According to the Hawaii State Teachers Association, the dearth of teachers who speak Hawaiian is a "crisis."

Currently, roughly 43% of Hawaiian language immersion teaching positions are filled with teachers who do not speak Hawaiian fluently. 

"So much students and so much families are interested in enrolling students in Hawaiian immersion, at the same time we don’t have enough classrooms and we don’t have enough teachers," said Kaui Spitalsky, language immersion teacher at Lahainaluna High on Maui.

Corey Rosenlee, HSTA President, says the Hawaiian language immersion teacher role is the most difficult position to fill because a proper license requires post-graduate education.

"They have to be a licensed teacher and they have to be fluent in Hawaiian. Trying to find people with both of those skills is extremely difficult," Rosenlee explained. 
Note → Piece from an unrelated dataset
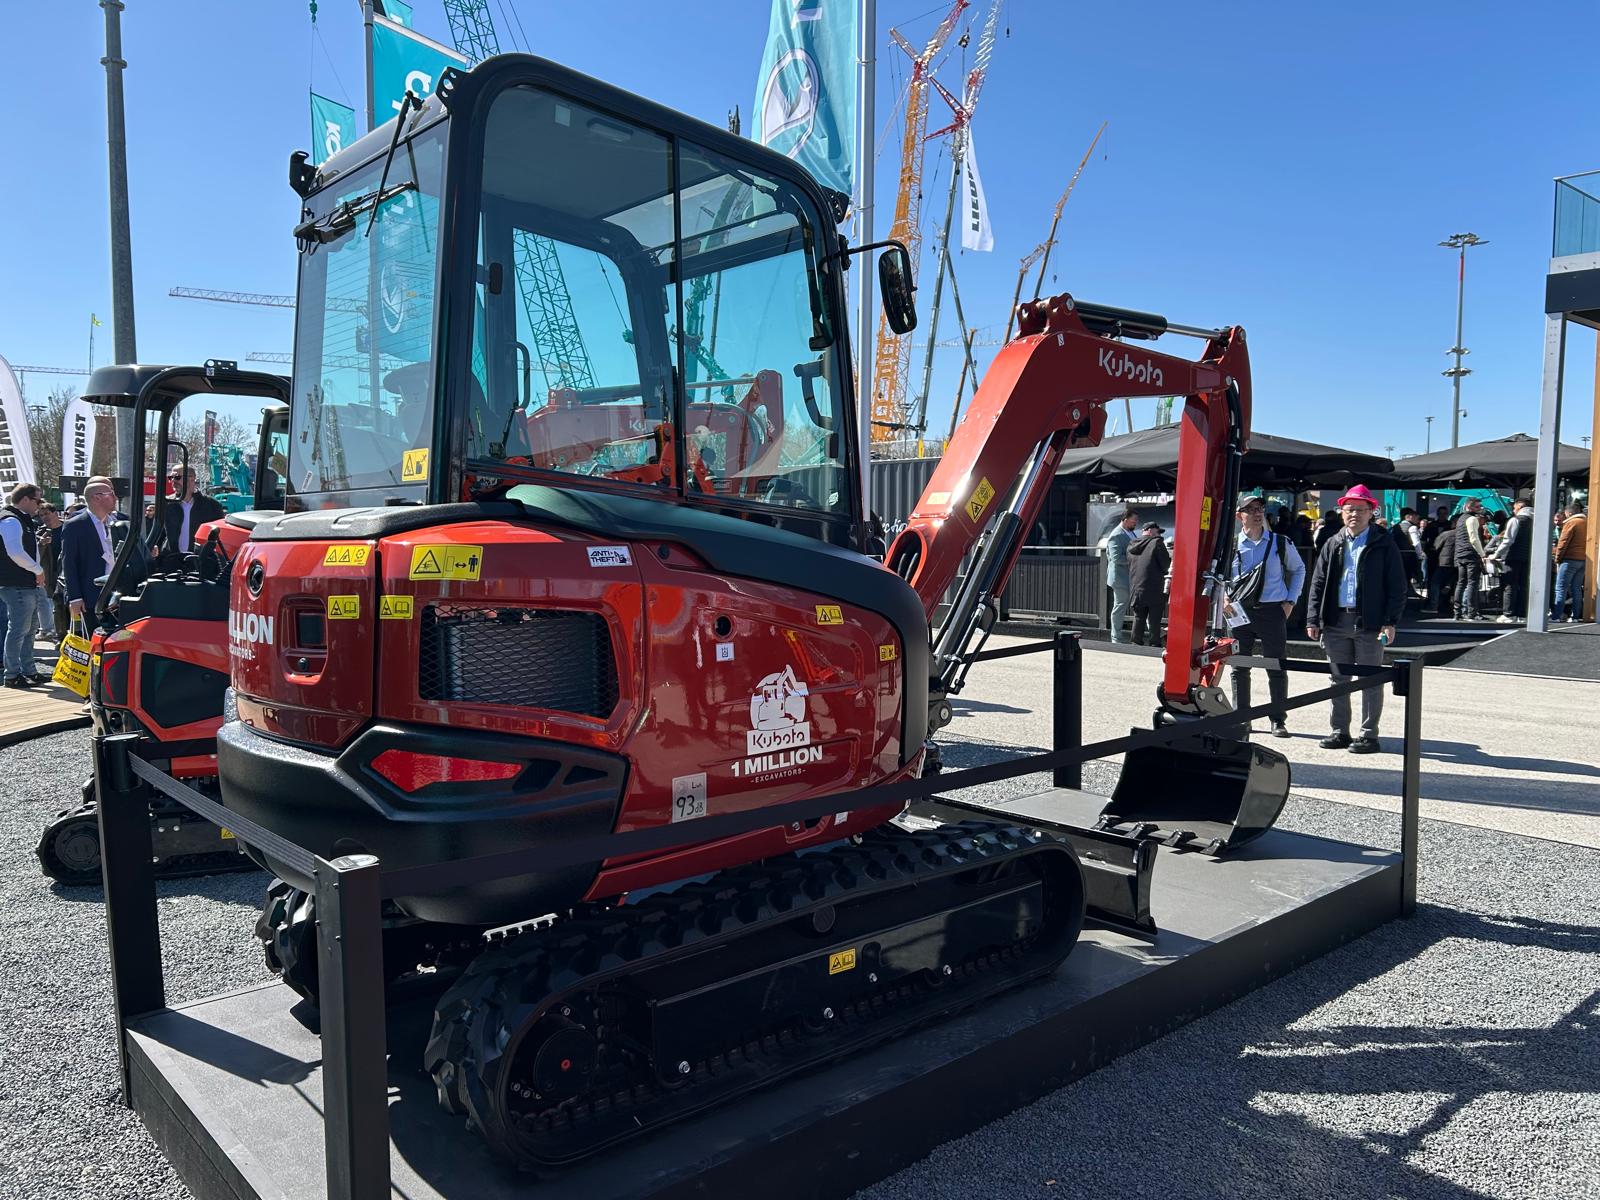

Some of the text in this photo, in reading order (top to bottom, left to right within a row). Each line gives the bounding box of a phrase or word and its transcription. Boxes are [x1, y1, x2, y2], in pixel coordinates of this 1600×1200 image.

[1098, 347, 1163, 388] Kubota
[753, 728, 805, 749] Kubota
[731, 745, 823, 777] 1 MILLION
He further identifies the problem, saying there is a statewide teacher shortage, not only for Hawaiian language immersion teachers. This leads to college graduates taking the readily-available teaching jobs instead of furthering their education and becoming licensed to teach Hawaiian language immersion. 
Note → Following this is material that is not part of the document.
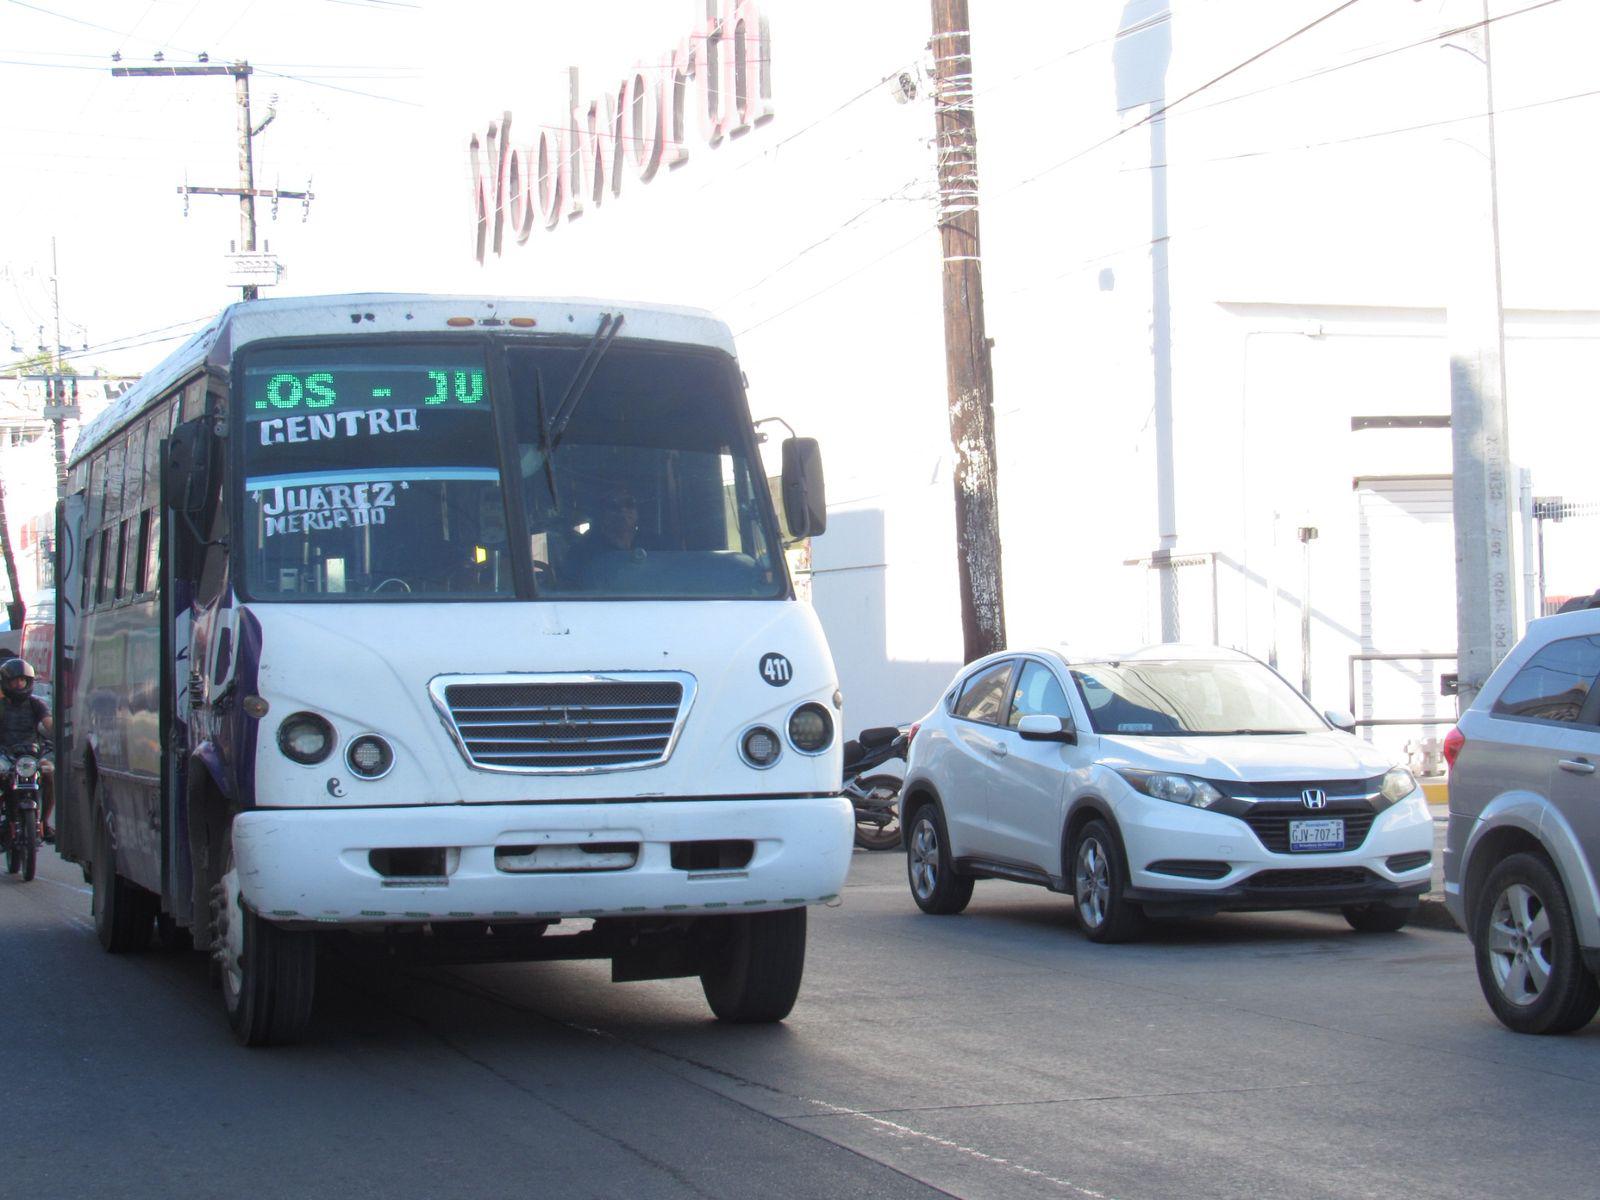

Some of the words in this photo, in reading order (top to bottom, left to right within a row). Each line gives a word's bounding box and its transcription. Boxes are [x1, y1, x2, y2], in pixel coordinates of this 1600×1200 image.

"The only way to get a license in teaching and in Hawaiian immersion is actually a post-baccalaureate or a masters program," Rosenlee said. 

Going forward, Rosenlee says a solution would be to incentivize candidates financially with a pay differential for Hawaiian language immersion teachers.

Additionally, he expects The University of Hawaii at Manoa plan to roll out a Hawaiian immersion bachelor's degree to aid the need for potential teachers to attend post-graduate education.